Самый суетливый человек на селе — Вяльцев-Прю первый придумал способ передвижения. По крайней мере сегодня его увидели: он как ни в чем не бывало шел серединой улицы, размахивая руками… И все прильнули к окнам, дыханием протаивая на стекле лазки. По улице действительно шагал Вяльцев-Прю и победоносно посматривал на хатки, что-то крича, показывая обрывки ржавой мелкой железной решетки. Он шагал, то потрясая обрывками решетки, то рукой указывая на свои ноги, и все поняли: опутал он сапоги решеткой и теперь вольно идет, не скользя на панцире из льда.
Так он и залетел в правление колхоза, куда еле-еле добрел Иннокентий Жук, и то только потому, что жил в доме рядом.
— Разини!

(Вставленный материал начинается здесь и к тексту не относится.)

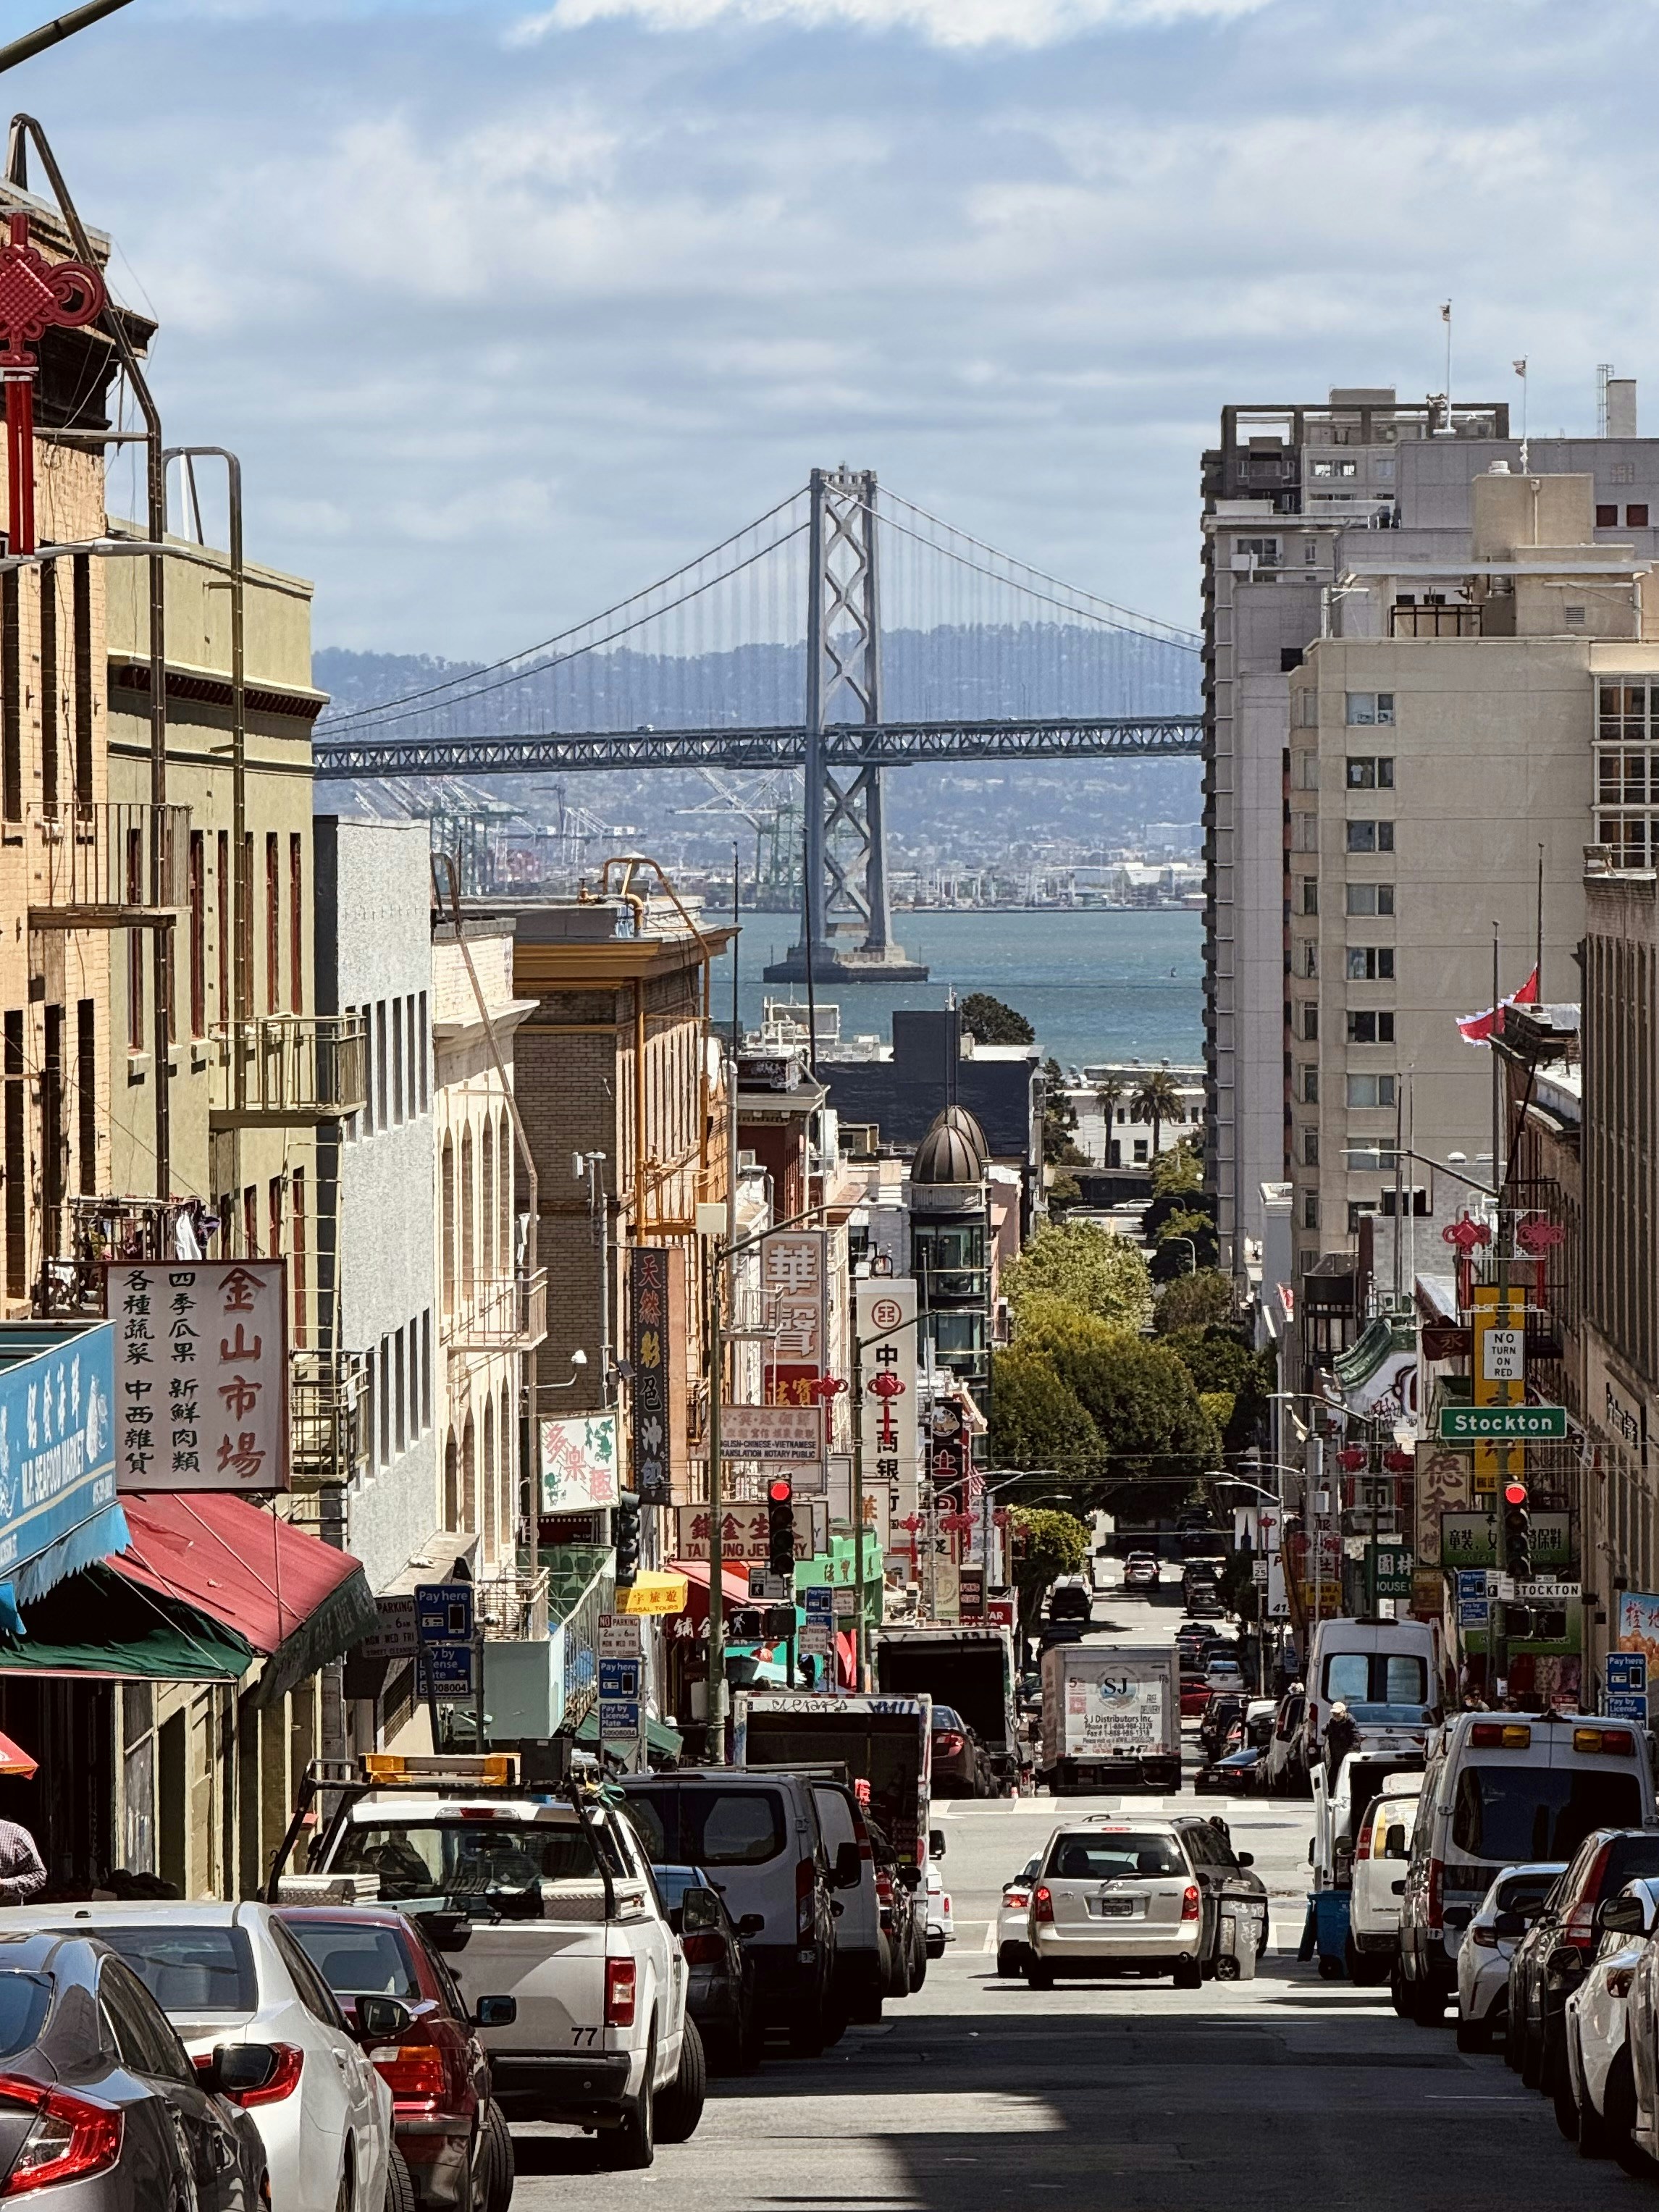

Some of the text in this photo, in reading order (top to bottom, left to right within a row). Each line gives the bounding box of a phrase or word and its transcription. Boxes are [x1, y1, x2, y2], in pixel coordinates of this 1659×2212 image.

[1494, 1333, 1514, 1343] NO
[1492, 1346, 1516, 1355] TURN
[122, 1269, 155, 1475] 各種蔬菜 中西雜貨
[168, 1271, 200, 1473] 四季瓜果 新鮮肉類
[217, 1267, 266, 1479] 金山市場
[1494, 1368, 1513, 1376] RED
[1454, 1415, 1553, 1431] Stockton
[686, 1543, 807, 1557] TAI UNG JEWRY
[419, 1590, 468, 1603] Pay here
[613, 1618, 638, 1627] PARKING
[385, 1634, 398, 1644] WED
[403, 1633, 414, 1641] FRI
[442, 1649, 455, 1659] by
[420, 1660, 458, 1668] Lense
[1609, 1657, 1624, 1667] Pay
[600, 1662, 637, 1673] Pay here
[421, 1683, 466, 1692] 5008004
[1104, 1678, 1128, 1694] SJ
[1609, 1697, 1635, 1707] Pay by
[602, 1704, 627, 1713] Pay by
[571, 2027, 598, 2046] 77

Недотепы! — кричал, входя в правление, Вяльцев. — Ледком улицы покрылись, так они все — на печку и сидят, как галчата в гнезде. А вот ведь, — и показал на свои ноги. — У каждого соседа решетка есть: в прошлом году на заборы для курятников сколько разобрано? Если взять в разрезе дня… — И, конечно, Вяльцев уже готов был высказать перед председателем колхоза заготовленную, обоснованную речь, но Иннокентий Жук перебил его:
— Наслушался я твоих словесей. Ты скажи — овец можно в твою решетку одеть?
— Это как повернуть.
— Да как ни поворачивай, а не повернешь. Почитай сорок тысяч голов движутся к нам сюда, лед им на пути. Вот о чем думай. А это, ясно, придумано тобой ловко… для нас — людей.

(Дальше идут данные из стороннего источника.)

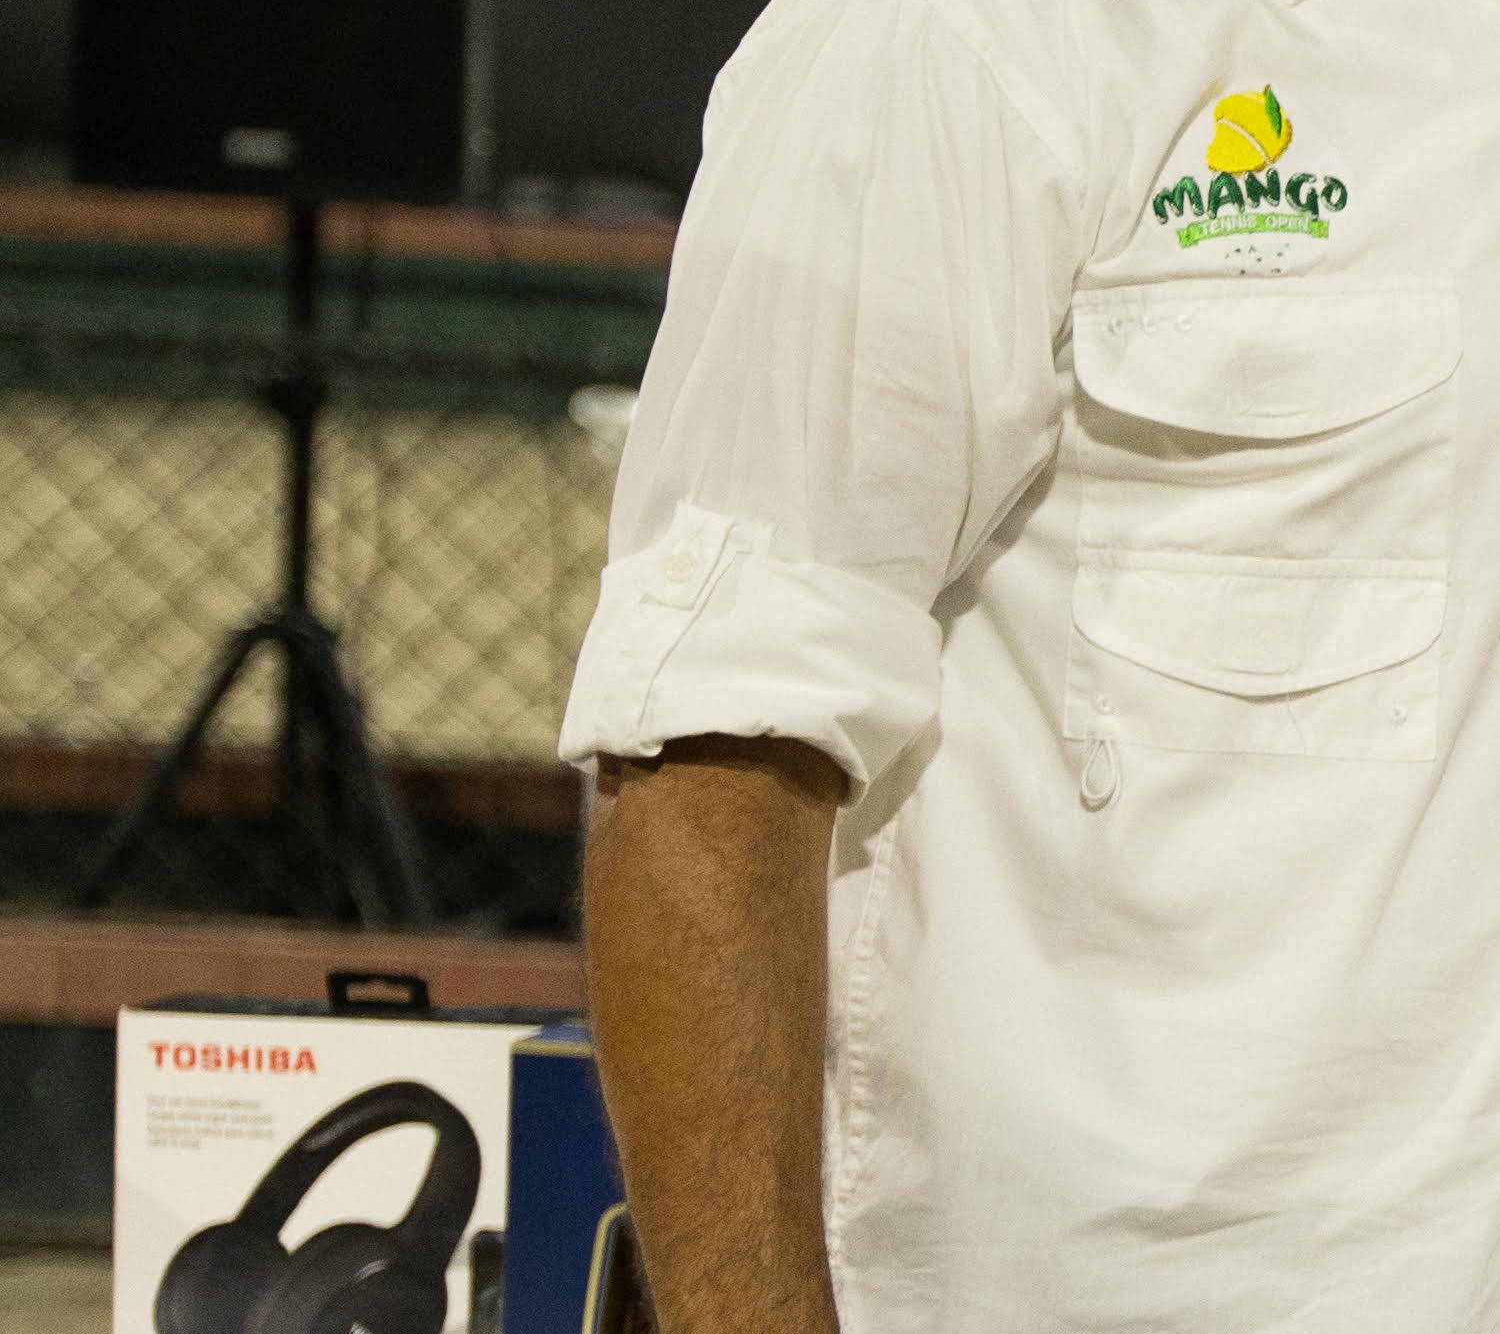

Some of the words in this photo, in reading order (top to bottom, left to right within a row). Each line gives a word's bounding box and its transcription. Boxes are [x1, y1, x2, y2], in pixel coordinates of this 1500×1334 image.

— А я и не предлагаю волам. Я говорю, если взять в разрезе дня. Ты вот сам-то обуйся да айда пошел в райком. Штаб там, наверное.
И вскоре они вдвоем уже двигались по ледяной броне к райкому партии.
А мороз трещал и рвал все, что было ему посильно: валил телеграфные, телефонные столбы, обрушивал крыши на сараях, опрокидывал плетни и раздирал деревья.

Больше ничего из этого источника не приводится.